Work through the data below and copy out every line where "LOCK" is found.

Segment Start: DATA FOR PROCESSING

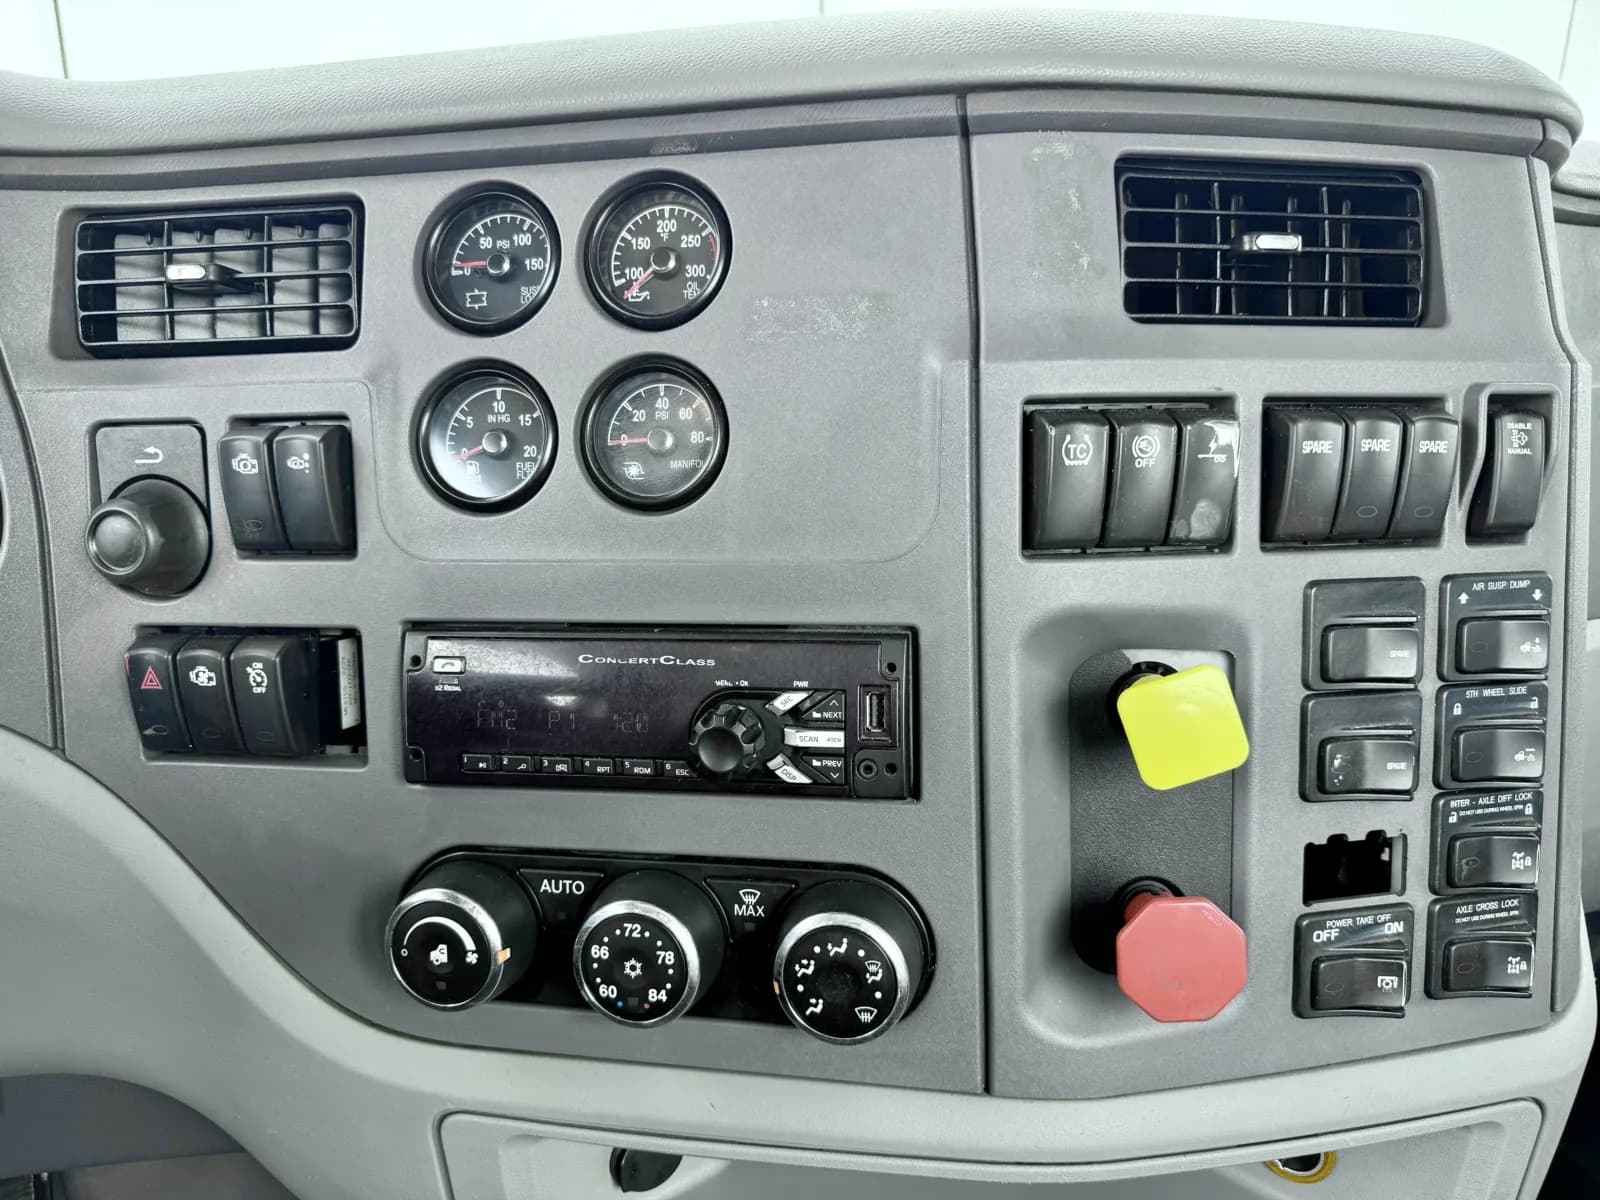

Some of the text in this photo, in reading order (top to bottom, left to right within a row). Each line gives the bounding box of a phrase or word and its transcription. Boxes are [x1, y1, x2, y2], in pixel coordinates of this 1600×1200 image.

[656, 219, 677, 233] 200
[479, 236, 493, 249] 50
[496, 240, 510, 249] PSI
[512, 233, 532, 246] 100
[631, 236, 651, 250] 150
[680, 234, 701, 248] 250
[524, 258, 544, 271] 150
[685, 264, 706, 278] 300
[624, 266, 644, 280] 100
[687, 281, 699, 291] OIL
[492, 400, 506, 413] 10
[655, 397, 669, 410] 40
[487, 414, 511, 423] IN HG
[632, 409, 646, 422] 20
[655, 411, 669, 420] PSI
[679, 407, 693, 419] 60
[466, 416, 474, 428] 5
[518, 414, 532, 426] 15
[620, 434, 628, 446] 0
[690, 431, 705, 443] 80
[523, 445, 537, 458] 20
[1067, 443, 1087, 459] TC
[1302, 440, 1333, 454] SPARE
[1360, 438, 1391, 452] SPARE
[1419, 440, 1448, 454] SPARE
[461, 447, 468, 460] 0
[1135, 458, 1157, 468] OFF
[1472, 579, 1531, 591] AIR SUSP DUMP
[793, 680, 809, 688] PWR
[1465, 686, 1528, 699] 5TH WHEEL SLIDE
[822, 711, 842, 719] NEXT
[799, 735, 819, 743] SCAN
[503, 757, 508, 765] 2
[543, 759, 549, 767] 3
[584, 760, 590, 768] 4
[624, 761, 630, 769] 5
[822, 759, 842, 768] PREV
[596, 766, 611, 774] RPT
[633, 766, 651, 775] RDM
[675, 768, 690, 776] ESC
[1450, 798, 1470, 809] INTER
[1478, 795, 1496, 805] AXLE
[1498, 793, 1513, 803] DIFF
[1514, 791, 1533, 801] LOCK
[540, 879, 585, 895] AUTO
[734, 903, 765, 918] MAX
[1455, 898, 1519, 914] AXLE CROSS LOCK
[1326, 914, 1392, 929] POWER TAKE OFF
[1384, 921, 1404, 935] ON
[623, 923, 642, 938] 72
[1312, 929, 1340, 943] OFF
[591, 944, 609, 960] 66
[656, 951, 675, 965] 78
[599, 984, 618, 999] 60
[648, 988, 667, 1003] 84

Segment End: DATA FOR PROCESSING

# EXERCISE SOLUTION
[1514, 791, 1533, 801] LOCK
[1455, 898, 1519, 914] AXLE CROSS LOCK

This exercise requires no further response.